EXERCISE: Set the records down again in full, exactly as they are, apart from the images.

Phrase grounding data

_ _ _ _

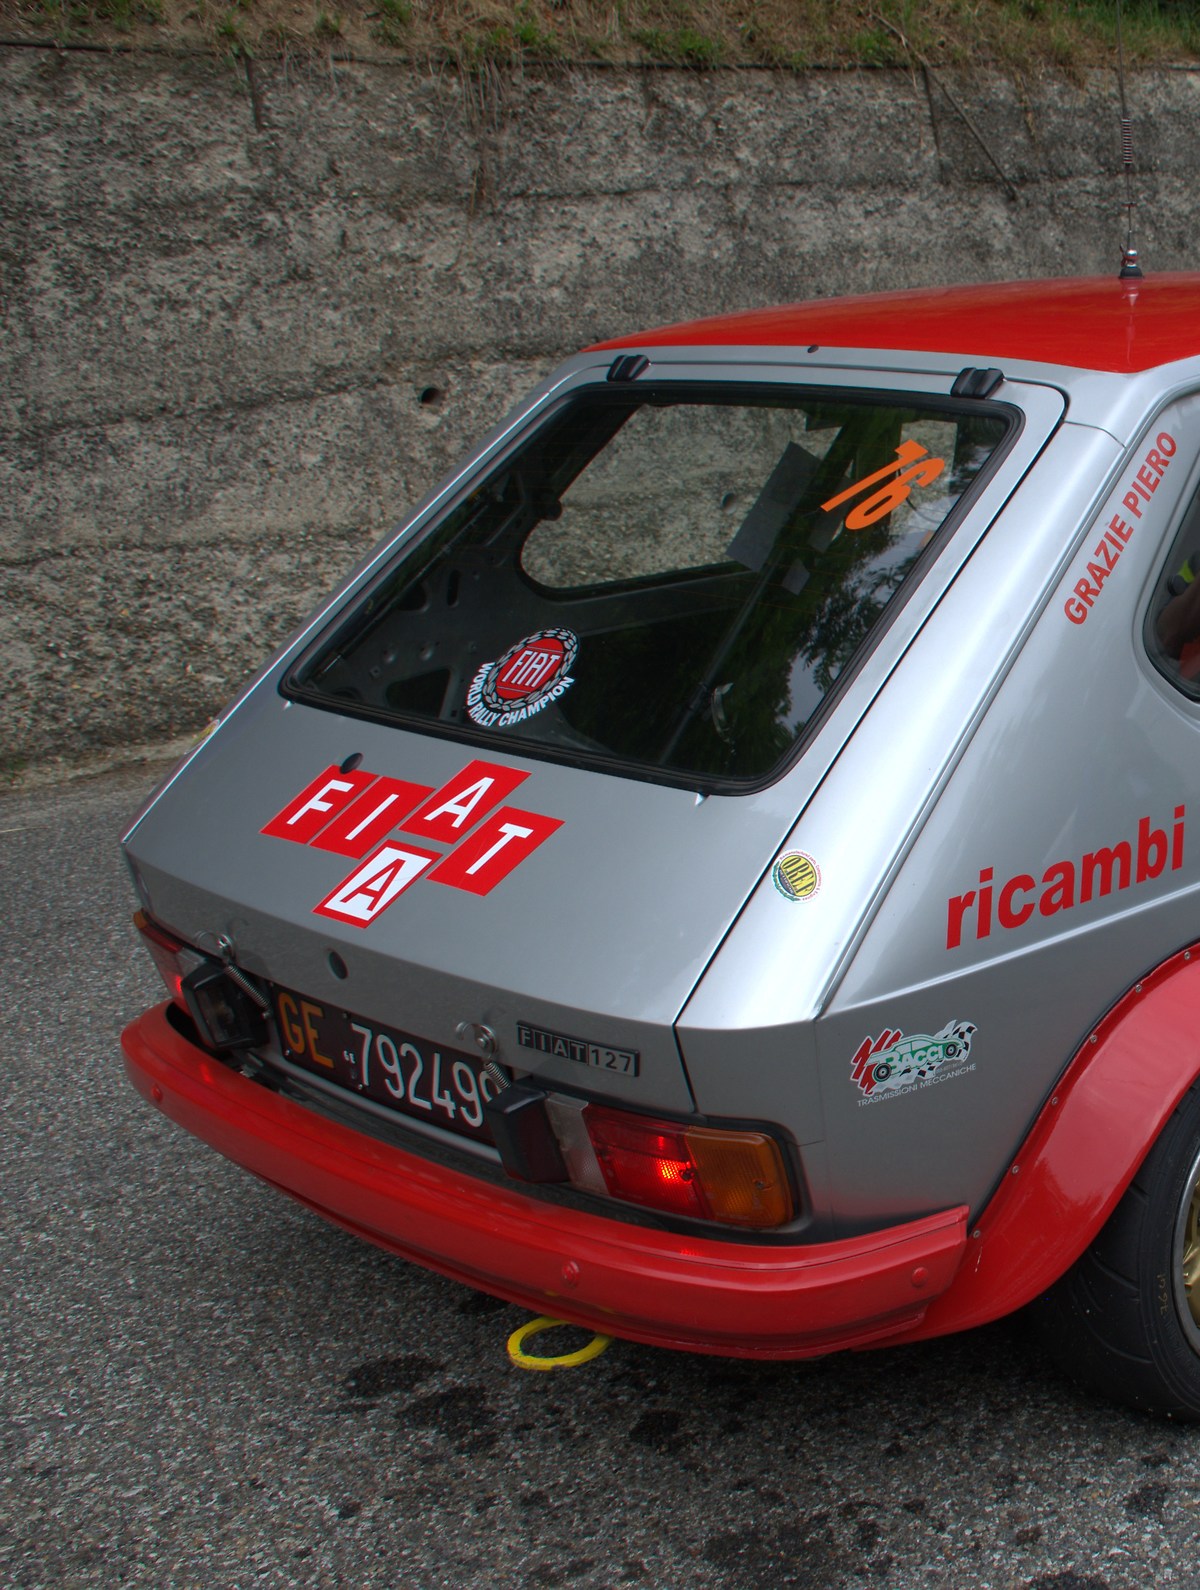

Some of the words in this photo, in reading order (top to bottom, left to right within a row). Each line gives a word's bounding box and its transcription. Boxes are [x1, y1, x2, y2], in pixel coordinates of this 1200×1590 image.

[1064, 514, 1134, 625] GRAZIE
[1122, 432, 1177, 519] PIERO
[467, 662, 496, 706] WORLD
[502, 650, 560, 687] FIAT
[469, 703, 501, 726] RALLY
[498, 676, 574, 726] CHAMPION
[286, 776, 532, 876] FIAT
[947, 805, 1186, 950] ricambi
[277, 991, 334, 1068] GE
[520, 1026, 587, 1063] FIAT
[591, 1048, 636, 1075] 127
[884, 1045, 944, 1075] BACCI
[857, 1084, 918, 1108] TRASMISSIONI
[920, 1063, 977, 1089] MECCANICHE
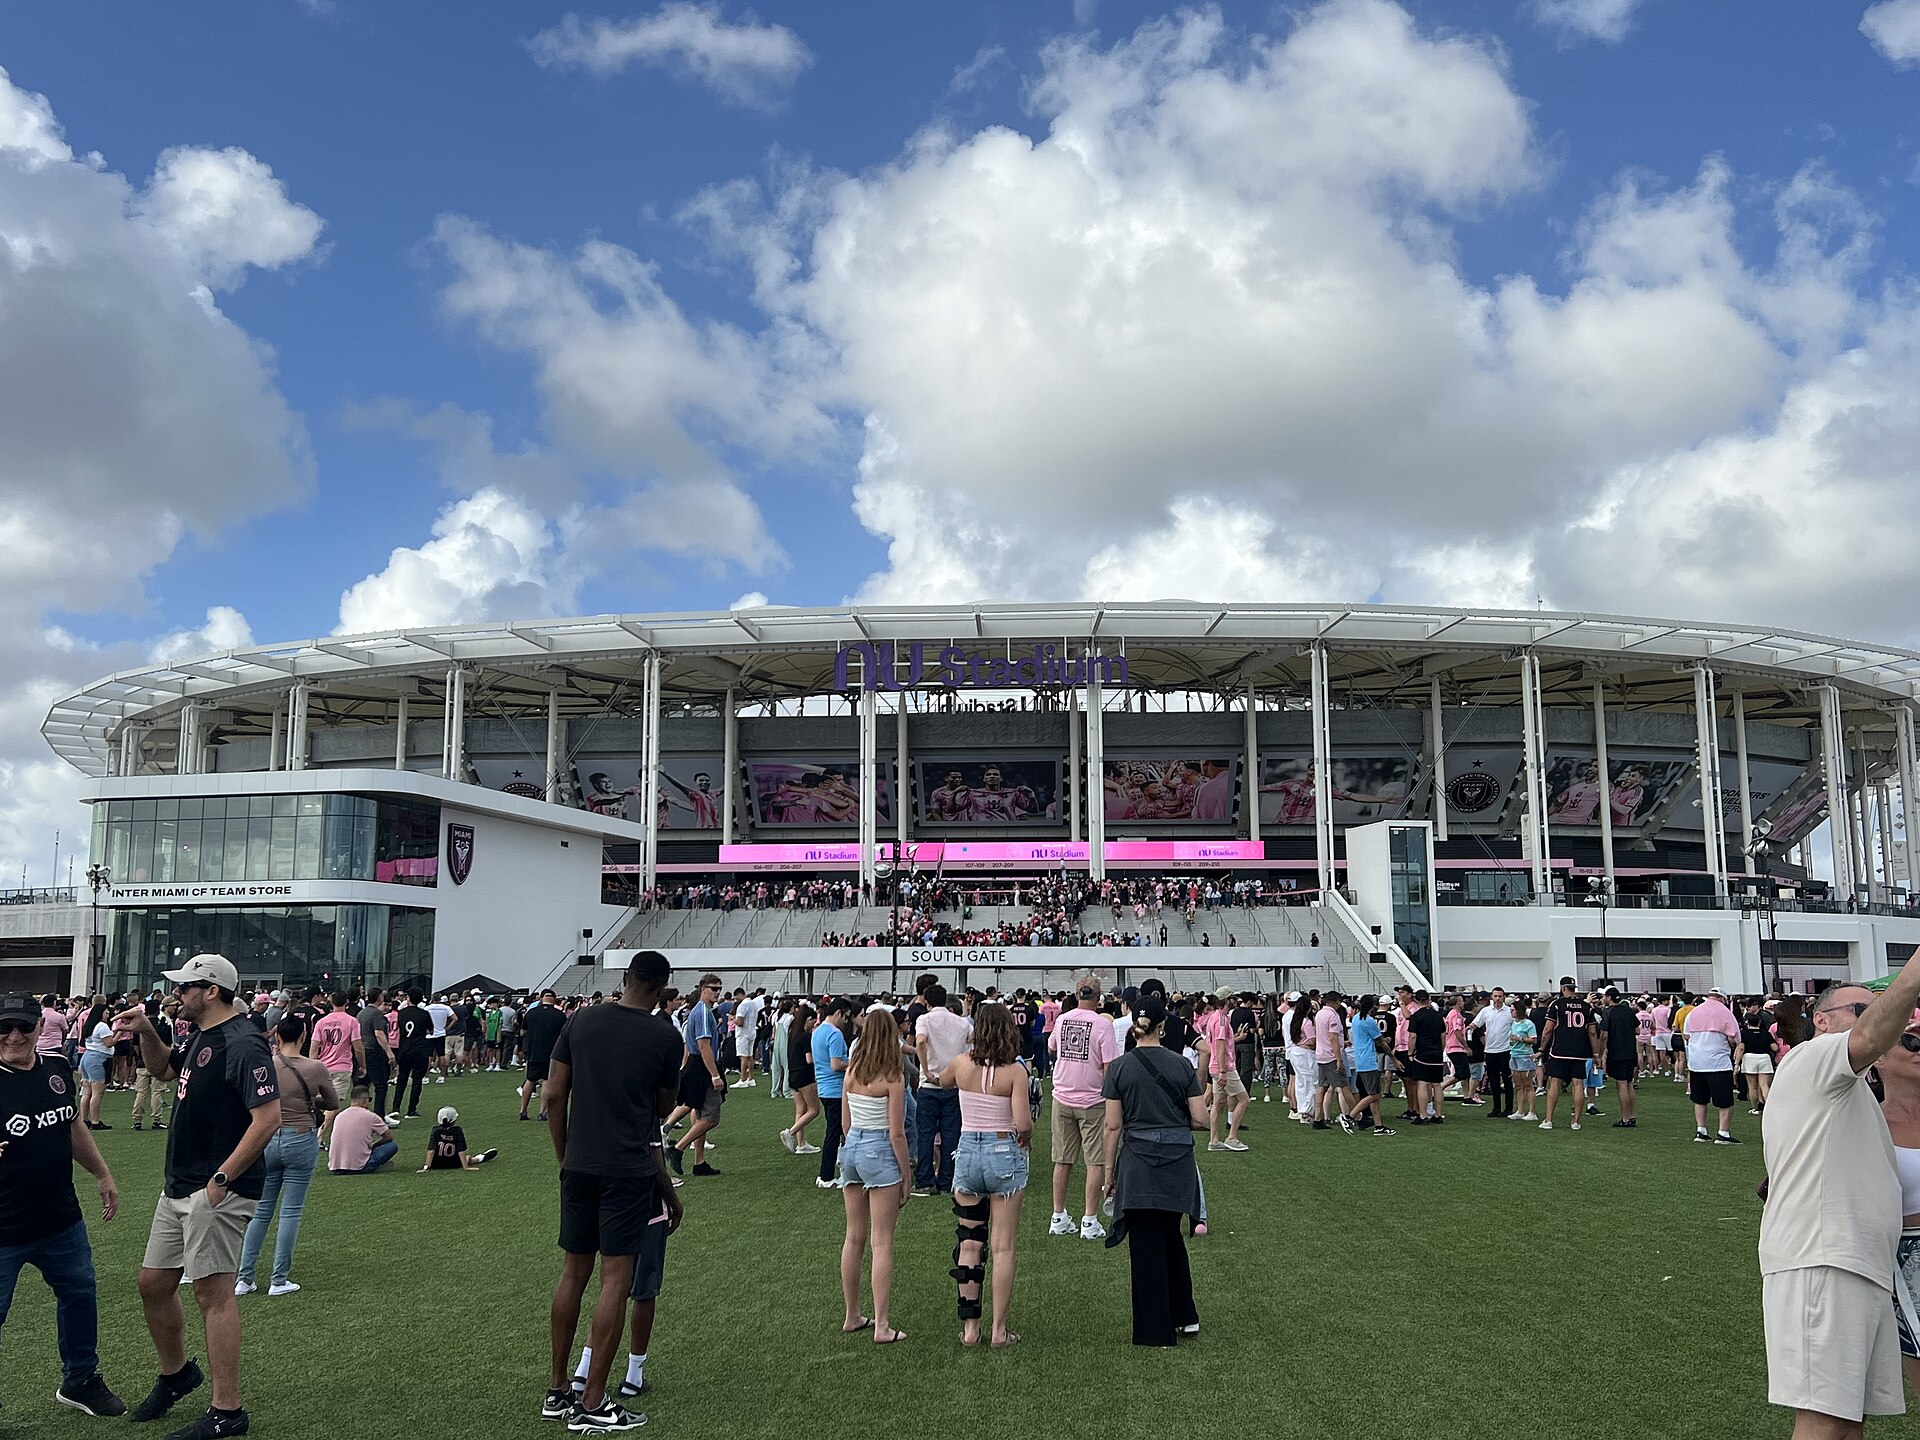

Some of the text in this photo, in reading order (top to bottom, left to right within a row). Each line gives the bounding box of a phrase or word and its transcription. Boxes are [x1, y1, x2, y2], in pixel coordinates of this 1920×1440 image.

[939, 644, 1129, 687] Stadium
[454, 830, 472, 839] MIAMI
[823, 850, 858, 860] Stadium
[1050, 849, 1085, 858] Stadium
[1212, 849, 1239, 857] Stadium
[111, 886, 292, 898] INTER MIAMI CF TEAM STORE
[911, 950, 1006, 962] SOUTH GATE
[1012, 1012, 1027, 1026] 10
[1565, 1010, 1585, 1028] 10
[1641, 1019, 1651, 1029] 10
[405, 1020, 415, 1038] 9
[323, 1028, 343, 1046] 10
[264, 1085, 275, 1095] tv
[34, 1105, 79, 1129] XBTO
[437, 1141, 456, 1157] 10

_ _ _ _

SOLVED PROBLEM:
Some of the words in this photo, in reading order (top to bottom, left to right within a row). Each line gives a word's bounding box and its transcription. Boxes are [x1, y1, x2, y2], in pixel coordinates of this 1200×1590 image.

[1064, 514, 1134, 625] GRAZIE
[1122, 432, 1177, 519] PIERO
[467, 662, 496, 706] WORLD
[502, 650, 560, 687] FIAT
[469, 703, 501, 726] RALLY
[498, 676, 574, 726] CHAMPION
[286, 776, 532, 876] FIAT
[947, 805, 1186, 950] ricambi
[277, 991, 334, 1068] GE
[520, 1026, 587, 1063] FIAT
[591, 1048, 636, 1075] 127
[884, 1045, 944, 1075] BACCI
[857, 1084, 918, 1108] TRASMISSIONI
[920, 1063, 977, 1089] MECCANICHE

Some of the text in this photo, in reading order (top to bottom, left to right within a row). Each line gives the bounding box of a phrase or word and its transcription. Boxes are [x1, y1, x2, y2], in pixel coordinates of this 1920×1440 image.

[939, 644, 1129, 687] Stadium
[454, 830, 472, 839] MIAMI
[823, 850, 858, 860] Stadium
[1050, 849, 1085, 858] Stadium
[1212, 849, 1239, 857] Stadium
[111, 886, 292, 898] INTER MIAMI CF TEAM STORE
[911, 950, 1006, 962] SOUTH GATE
[1012, 1012, 1027, 1026] 10
[1565, 1010, 1585, 1028] 10
[1641, 1019, 1651, 1029] 10
[405, 1020, 415, 1038] 9
[323, 1028, 343, 1046] 10
[264, 1085, 275, 1095] tv
[34, 1105, 79, 1129] XBTO
[437, 1141, 456, 1157] 10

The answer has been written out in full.